Referring expression grounding data
*** Block opens ***
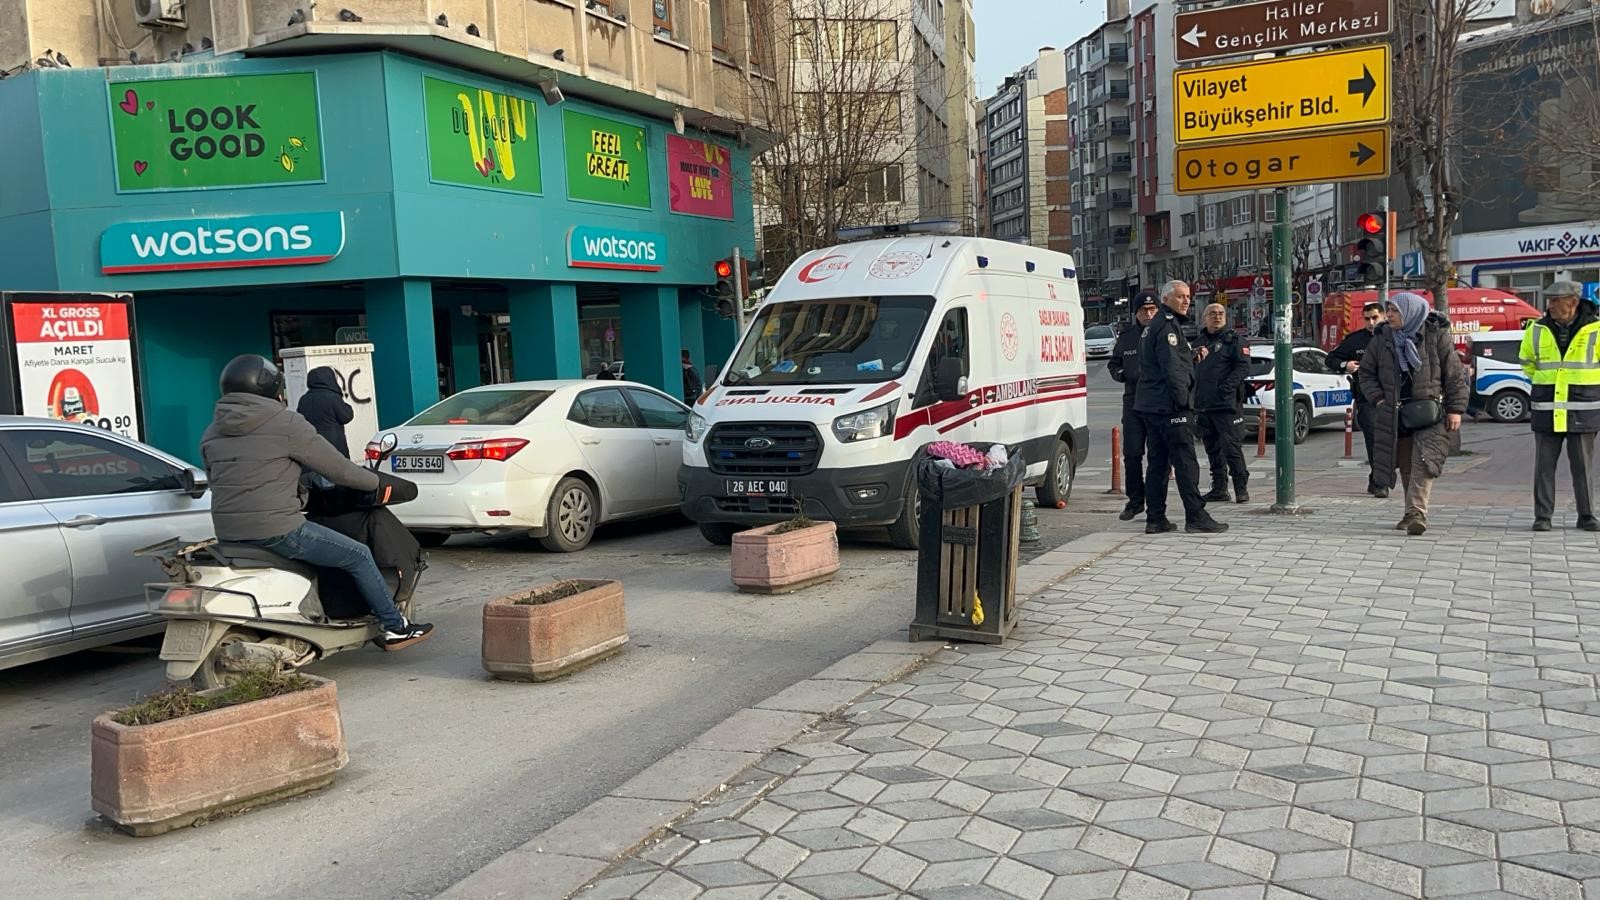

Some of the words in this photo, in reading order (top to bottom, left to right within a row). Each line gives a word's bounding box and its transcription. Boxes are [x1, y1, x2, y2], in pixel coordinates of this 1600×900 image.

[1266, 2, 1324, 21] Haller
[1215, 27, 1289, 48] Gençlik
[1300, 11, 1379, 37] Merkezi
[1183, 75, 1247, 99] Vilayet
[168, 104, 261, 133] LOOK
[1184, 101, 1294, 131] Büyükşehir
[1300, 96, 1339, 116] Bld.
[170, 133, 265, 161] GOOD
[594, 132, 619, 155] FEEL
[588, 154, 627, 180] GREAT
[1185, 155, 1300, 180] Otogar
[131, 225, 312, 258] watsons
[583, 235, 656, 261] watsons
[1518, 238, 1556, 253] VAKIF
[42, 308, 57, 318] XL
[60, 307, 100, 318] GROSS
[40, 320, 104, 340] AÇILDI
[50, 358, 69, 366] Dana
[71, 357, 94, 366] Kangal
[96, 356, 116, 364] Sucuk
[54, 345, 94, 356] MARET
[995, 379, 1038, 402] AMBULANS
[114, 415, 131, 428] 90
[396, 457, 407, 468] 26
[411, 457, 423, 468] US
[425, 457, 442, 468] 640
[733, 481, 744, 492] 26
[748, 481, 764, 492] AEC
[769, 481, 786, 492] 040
*** Block closes ***
> WORK REQUIRED:
Restate the data word for word while omitting each picture.

> WORKED SOLUTION:
Some of the words in this photo, in reading order (top to bottom, left to right within a row). Each line gives a word's bounding box and its transcription. Boxes are [x1, y1, x2, y2], in pixel coordinates of this 1600×900 image.

[1266, 2, 1324, 21] Haller
[1215, 27, 1289, 48] Gençlik
[1300, 11, 1379, 37] Merkezi
[1183, 75, 1247, 99] Vilayet
[168, 104, 261, 133] LOOK
[1184, 101, 1294, 131] Büyükşehir
[1300, 96, 1339, 116] Bld.
[170, 133, 265, 161] GOOD
[594, 132, 619, 155] FEEL
[588, 154, 627, 180] GREAT
[1185, 155, 1300, 180] Otogar
[131, 225, 312, 258] watsons
[583, 235, 656, 261] watsons
[1518, 238, 1556, 253] VAKIF
[42, 308, 57, 318] XL
[60, 307, 100, 318] GROSS
[40, 320, 104, 340] AÇILDI
[50, 358, 69, 366] Dana
[71, 357, 94, 366] Kangal
[96, 356, 116, 364] Sucuk
[54, 345, 94, 356] MARET
[995, 379, 1038, 402] AMBULANS
[114, 415, 131, 428] 90
[396, 457, 407, 468] 26
[411, 457, 423, 468] US
[425, 457, 442, 468] 640
[733, 481, 744, 492] 26
[748, 481, 764, 492] AEC
[769, 481, 786, 492] 040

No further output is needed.